[Records from a dataset]
↓↓↓
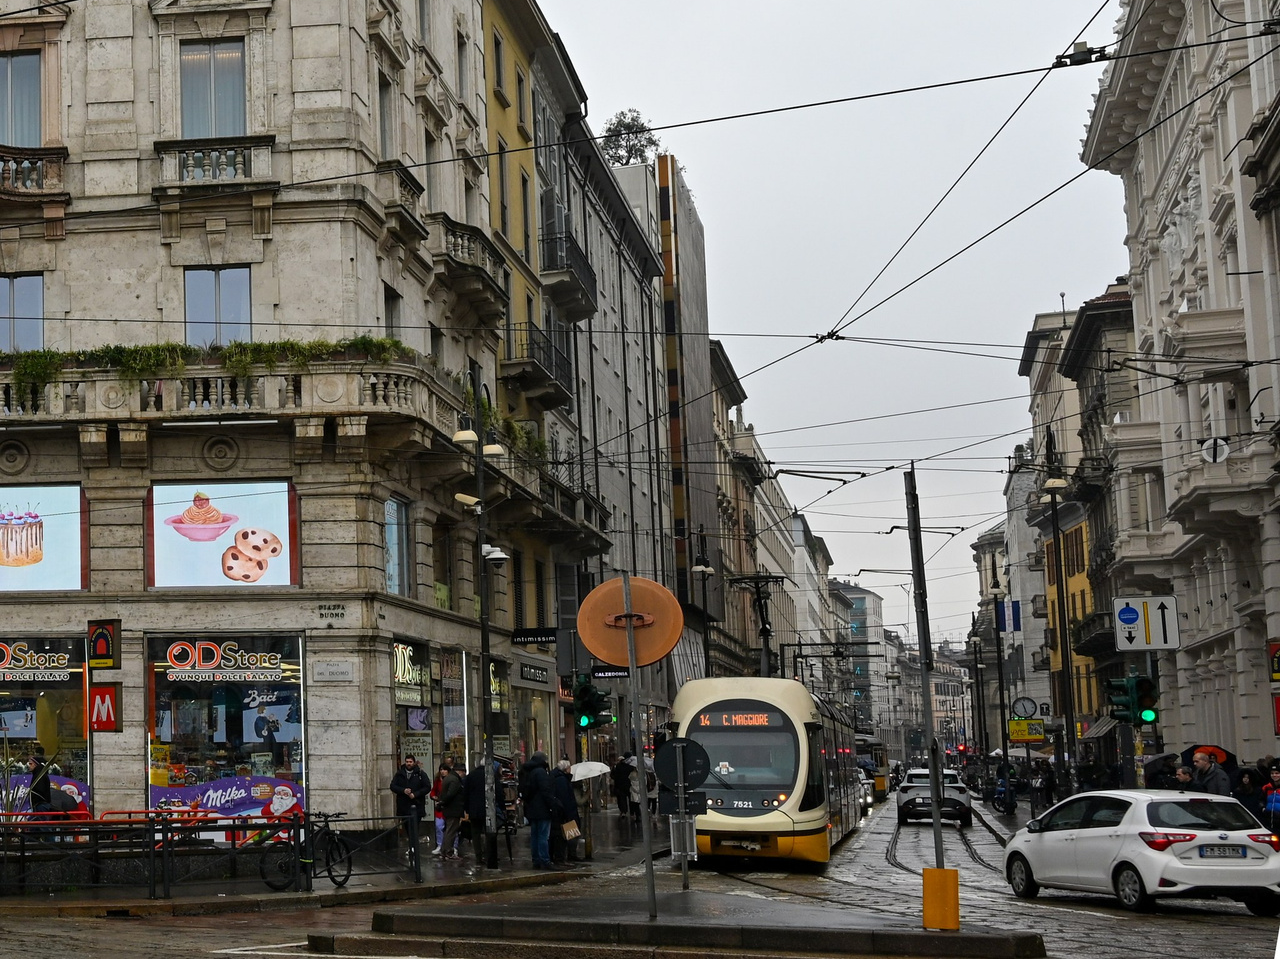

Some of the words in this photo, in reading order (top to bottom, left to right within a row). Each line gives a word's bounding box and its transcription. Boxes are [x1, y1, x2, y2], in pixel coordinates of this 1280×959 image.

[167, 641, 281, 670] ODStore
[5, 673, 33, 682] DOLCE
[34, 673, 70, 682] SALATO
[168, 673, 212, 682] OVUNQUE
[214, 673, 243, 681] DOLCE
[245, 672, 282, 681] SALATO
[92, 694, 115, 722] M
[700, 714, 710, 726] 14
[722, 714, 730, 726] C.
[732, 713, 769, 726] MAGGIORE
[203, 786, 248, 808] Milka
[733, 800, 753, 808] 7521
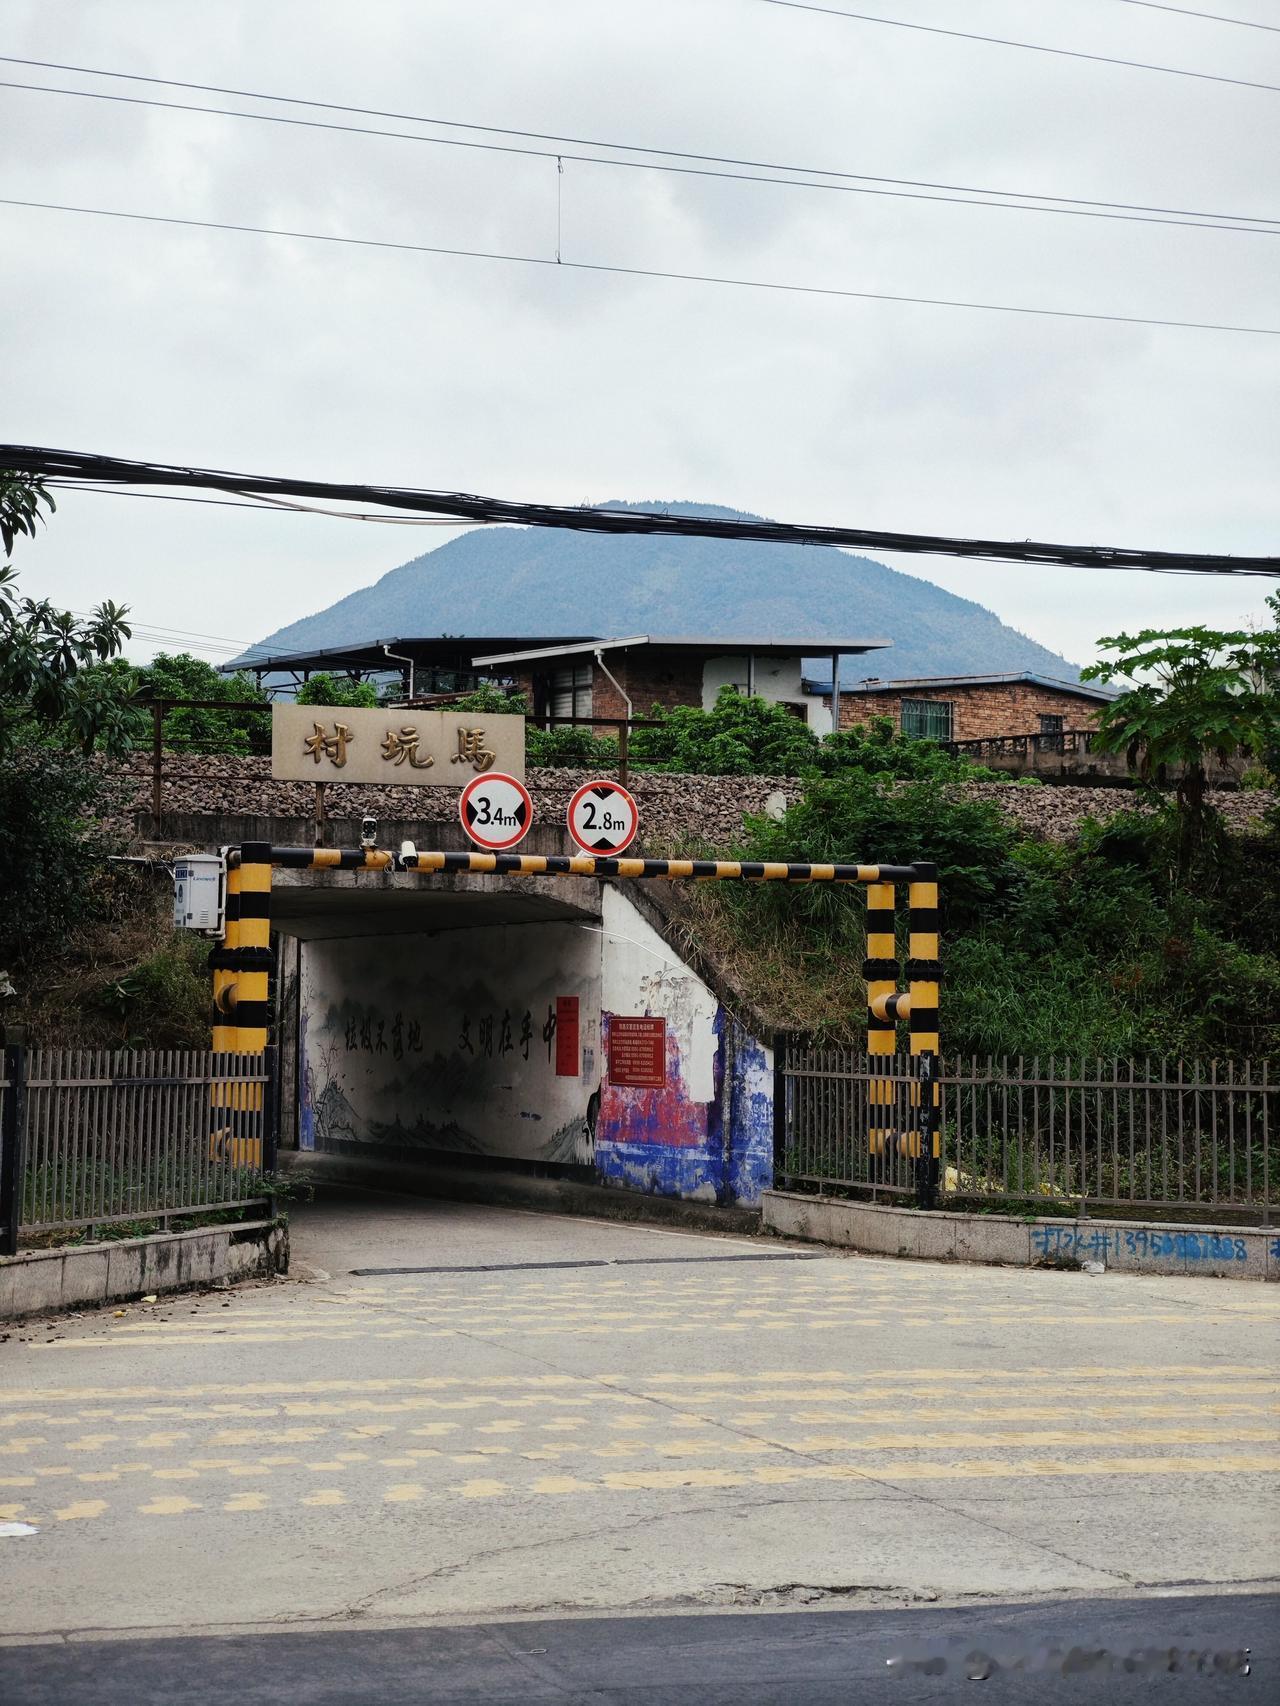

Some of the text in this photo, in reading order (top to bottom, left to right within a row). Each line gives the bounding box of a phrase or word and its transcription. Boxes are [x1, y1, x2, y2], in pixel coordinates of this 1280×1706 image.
↑↑↑
:: Problem description ::
When you repeat the records, reproduce each line exactly and drop the images.

:: Written answer ::
Some of the words in this photo, in reading order (top to bottom, left to right within a row). Each line gives a word's bounding box and its transcription. Boxes are [x1, y1, x2, y2], in pixel coordinates of this 1280×959 image.

[167, 641, 281, 670] ODStore
[5, 673, 33, 682] DOLCE
[34, 673, 70, 682] SALATO
[168, 673, 212, 682] OVUNQUE
[214, 673, 243, 681] DOLCE
[245, 672, 282, 681] SALATO
[92, 694, 115, 722] M
[700, 714, 710, 726] 14
[722, 714, 730, 726] C.
[732, 713, 769, 726] MAGGIORE
[203, 786, 248, 808] Milka
[733, 800, 753, 808] 7521

Some of the text in this photo, in reading order (top to bottom, left to right within a row). Each line gives the bounding box of a phrase or word and its transcription. Boxes are [x1, y1, x2, y2], in pixel coordinates of this 1280×1706 image.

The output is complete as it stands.